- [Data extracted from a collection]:
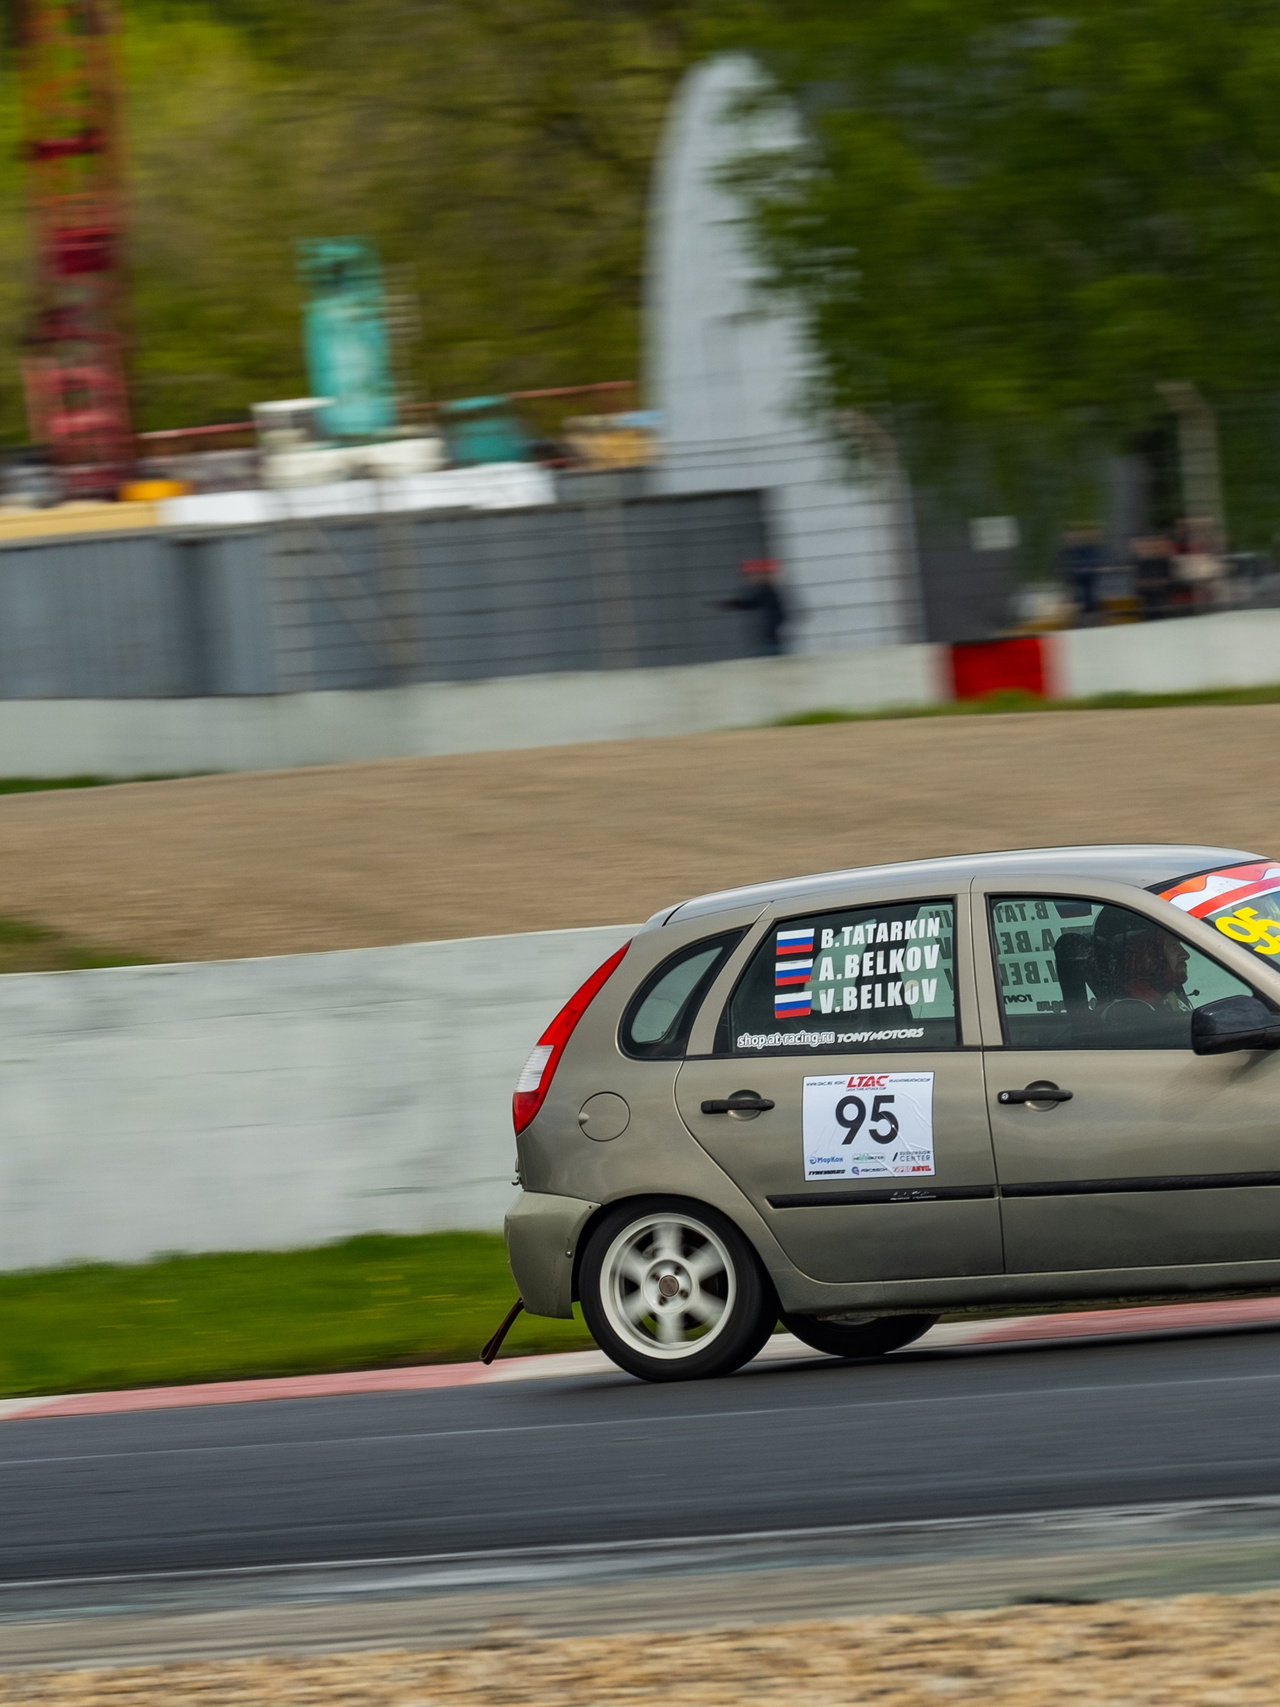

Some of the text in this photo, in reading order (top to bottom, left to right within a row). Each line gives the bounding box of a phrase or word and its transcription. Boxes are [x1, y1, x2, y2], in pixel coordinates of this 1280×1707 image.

[821, 917, 940, 949] B.TATARKIN
[819, 944, 940, 981] A.BELKOV
[819, 978, 938, 1014] V.BELKOV
[737, 1030, 835, 1049] shop.at-racing.ru
[847, 1075, 889, 1088] LTAC
[835, 1095, 899, 1145] 95
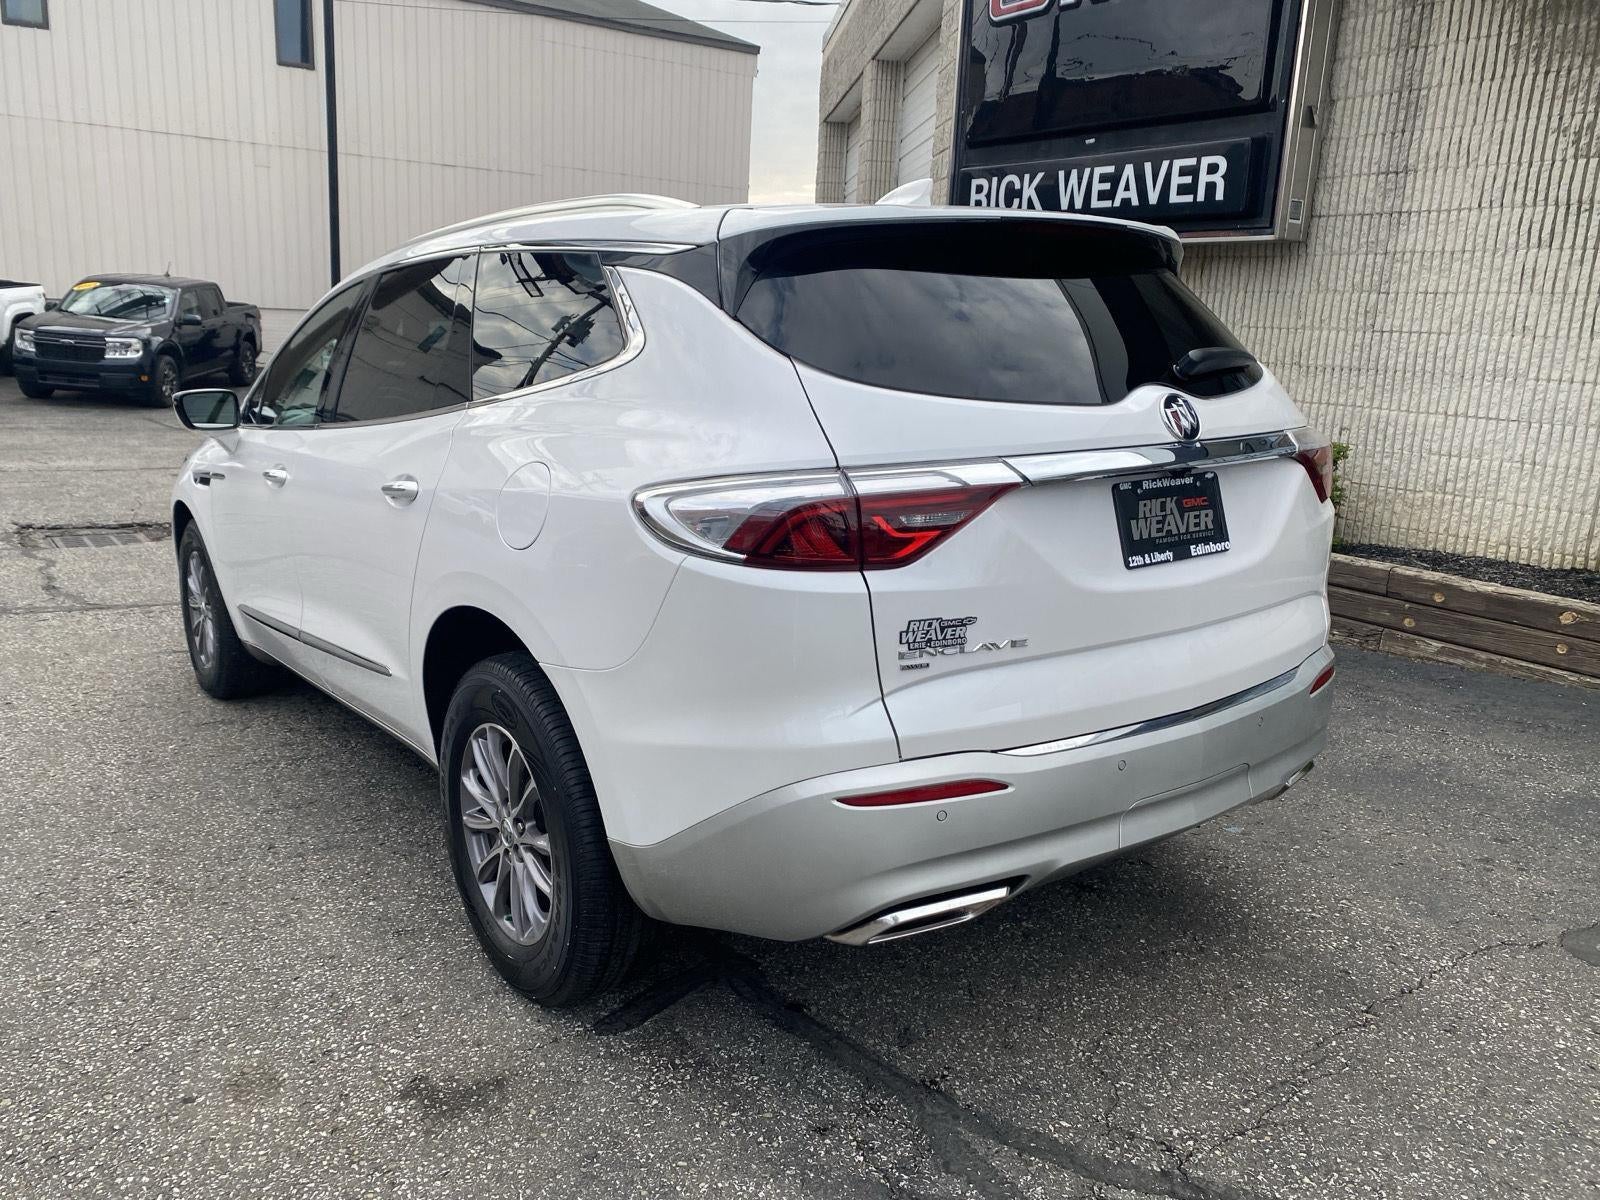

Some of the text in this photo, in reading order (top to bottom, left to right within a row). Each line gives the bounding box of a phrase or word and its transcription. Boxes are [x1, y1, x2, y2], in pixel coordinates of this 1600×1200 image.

- [Exercise objective]: Leaving the images out, return every record exactly.

- [Response to this exercise]:
Some of the text in this photo, in reading order (top to bottom, left to right within a row). Each line gives the bounding box of a phrase or word and its transcription. Boxes are [x1, y1, x2, y2], in pixel coordinates of this 1280×1707 image.

[821, 917, 940, 949] B.TATARKIN
[819, 944, 940, 981] A.BELKOV
[819, 978, 938, 1014] V.BELKOV
[737, 1030, 835, 1049] shop.at-racing.ru
[847, 1075, 889, 1088] LTAC
[835, 1095, 899, 1145] 95

Some of the text in this photo, in reading order (top to bottom, left to right within a row). Each line gives the bounding box of a phrase or word and its transcription. Boxes are [x1, y1, x2, y2], in pixel coordinates of this 1600×1200 image.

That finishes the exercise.